Institutional Animal Care and Use Committee approval was not needed for the present study because data used were retrieved from existing databases. Animals used in the study were bred by the Cooperative Research Centre for Beef Genetic Technologies (Beef CRC). These animals were reared under a range of extensive environments at four research stations in Queensland. The details on the routine management, feeding regimes and health treatments have been previously described in Johnston et al. (2009), Burns et al. (2013) and Wolcott et al. (2014). Cows were culled only for husbandry reasons (i.e. disease) or if they failed to wean a calf in two consecutive years. Otherwise, they were kept for six mating opportunities. Briefly, 2018 Brahman (BB) cattle (996 cows and 1022 bulls) and 2089 Tropical Composite (TC) cattle (1091 cows and 998 bulls) were used for the study. The same number of traits were studied in the two populations (six cow traits, and seven bull traits), but the exact number of animals recorded for each trait varied (Table 1). BB cattle are of Bos indicus origin, while TC originated from crossing Bos indicus and Bos taurus breeds.

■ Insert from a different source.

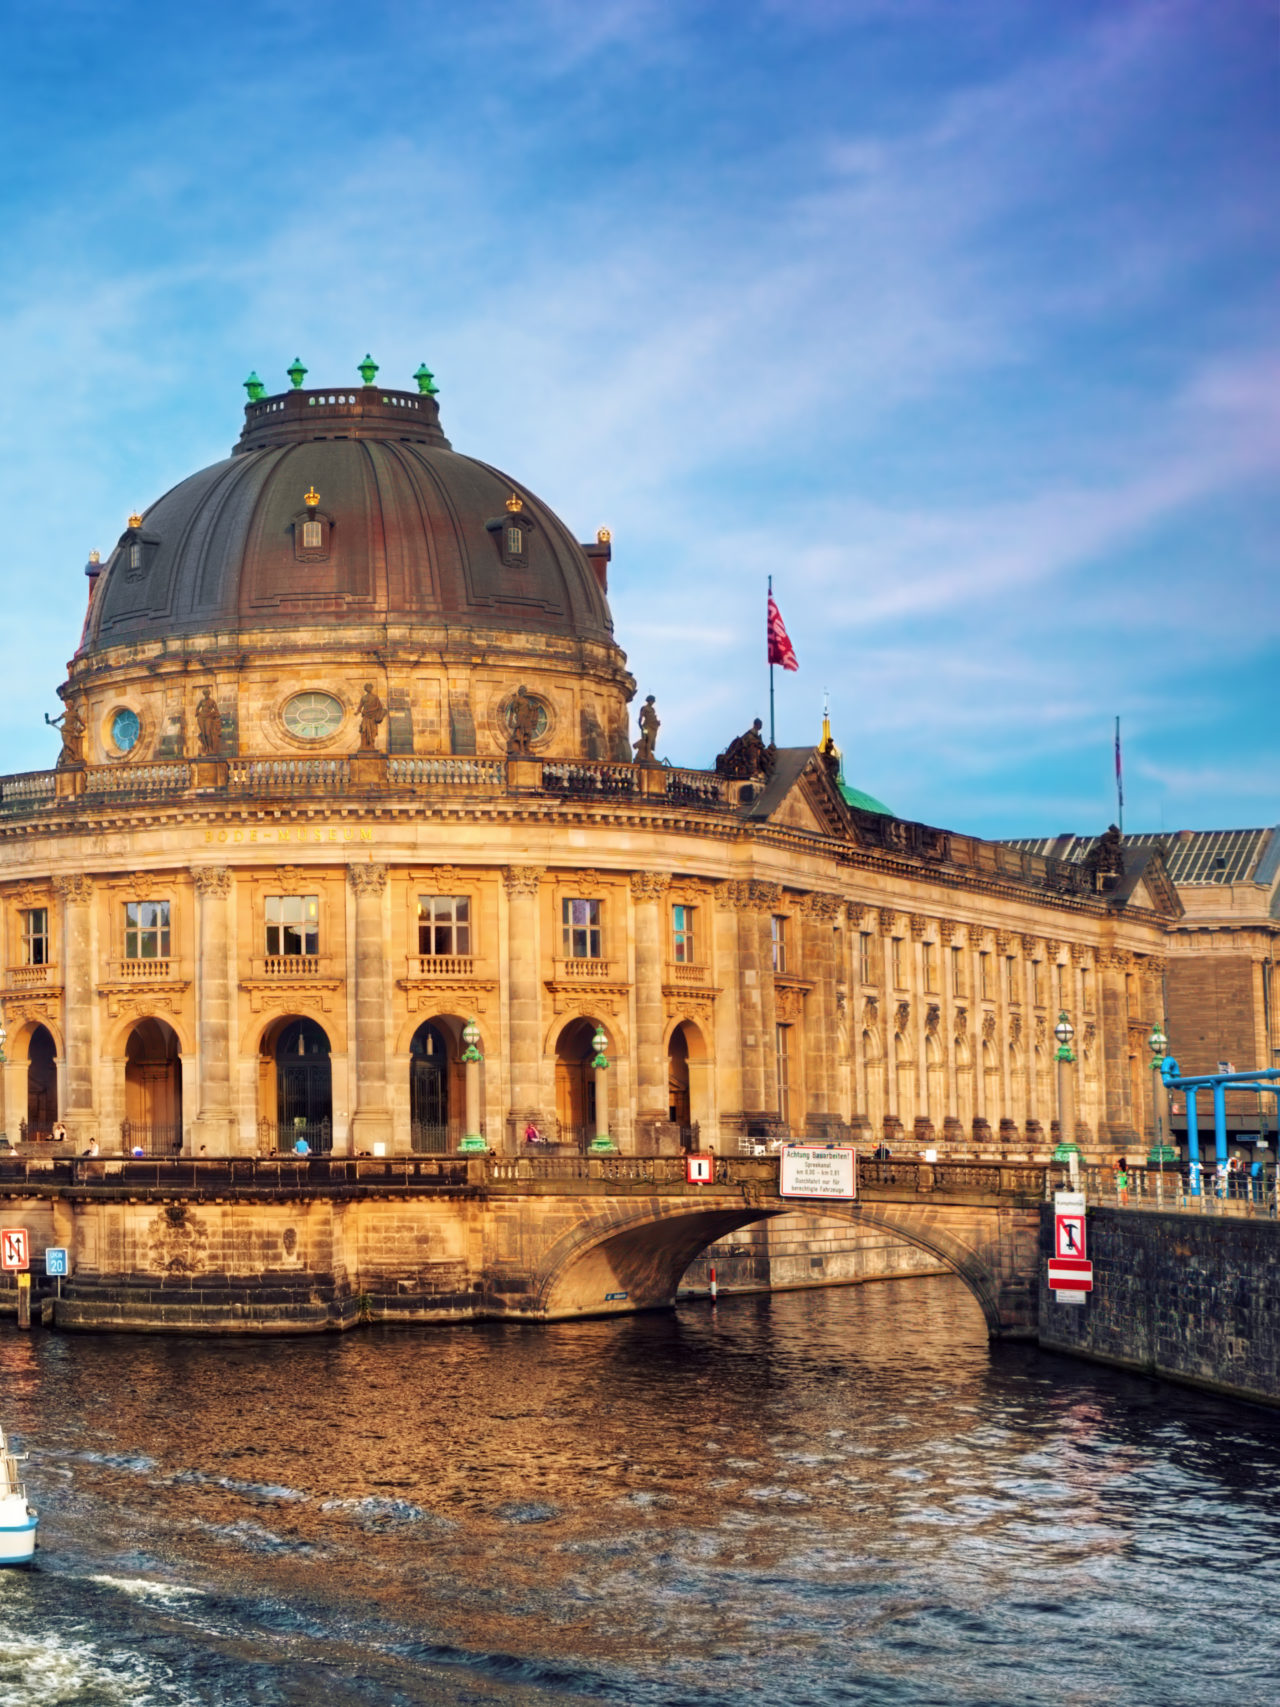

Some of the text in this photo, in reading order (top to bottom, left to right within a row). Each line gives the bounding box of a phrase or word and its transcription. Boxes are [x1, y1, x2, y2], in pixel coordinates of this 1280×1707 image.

[205, 828, 373, 843] BODE-MUSEUM
[787, 1151, 850, 1160] Achtung Bauarbeiten!
[51, 1259, 63, 1272] 20

The breed composition of these two populations has been previously investigated. TC breed exhibits more genetic variation than BB (Porto-Neto et al. 2013a, 2013b). Since, breed composition can affect genetic parameter estimates, we model the first two principal components (PC1 and PC2) in addition to the genomic relationship matrix (GRM) to account for the, quite varied, breed composition in the TC breed, for all traits studied. The use of PC1 and PC2 was not necessary for the BB herd, which had a more uniform breed composition.

Table 1.  Trait description and summary statistics of cow and bull fertility traits

All animals used were either genotyped with the BovineSNP50 (Matukumalli et al. 2009) or the BovineHD (Illumina Inc., San Diego, CA, USA) chips. Animals genotyped with the medium-density single-nucleotide polymorphism (SNP) panel had their genotypes imputed up to 770 000 as described by Bolormaa et al. (2015). Before performing imputation, all the original SNP genotypes were remapped to the new assembly of the bovine reference genome (ARS_UCD1.2, GenBank assembly accession GCA_002263795.2; Rosen et al. 2020) and were phased using Eagle software (Loh et al. 2016). Subsequently, Minimac3 was used to impute the lower-density genotypes for all autosome (Das et al. 2016) and Minimac4 for the X-chromosome. The X-chromosome was imputed after separating the non-pseudoautosomal (nPAR) and pseudoautosomal regions (PAR) following the recent definition of these two regions by Johnson et al. (2019). After imputation, only SNPs with an imputation accuracy higher than 0.8 were retained for subsequent analyses, resulting in a dataset with 722 208 SNPs for both sexes in the two breeds.

First, we performed quality control by excluding all SNPs with a minor allele frequency smaller than 0.05 within breed for each sex, before constructing the GRM. As a result, 561 080 and 562 974 genotypes remained for BB cows and bulls respectively. In TC, 688 407 and 688 095 genotypes remained for cows and bulls respectively. GRMs were then constructed following Method 1 of VanRanden (VanRaden 2008) implemented in GIBBS2F90 (Misztal et al. 2002). For the across-sex study, we merged the unfiltered genotypes for both sexes in each breed and performed the quality control as described above, resulting in 554 712 and 688 603 SNPs for both BB and TC respectively. Before constructing the GRM, we separated the X-chromosome into nPAR and PAR regions following the boundary described by Johnson et al. (2019). The PAR region is small, consisting of 1977 SNPs, which were removed from the analyses. After removing PAR SNPs, we used the genotypes of 554 712 and 686 626 SNPs for BB and TC respectively, to build the GRM. First, we constructed a GRM using all the SNPs in autosomes, for each breed separately, using GCTA software (Yang et al. 2011). Second, for the X-chromosome nPAR region, we constructed another GRM using the specific function for the nPAR region as specified in GCTA software (Yang et al. 2011). The final GRM for both BB and TC breeds was created by merging both the autosome GRM and the X-chromosome nPAR region GRM. The merged GRM was imported into GIBBS2F90 for further analyses.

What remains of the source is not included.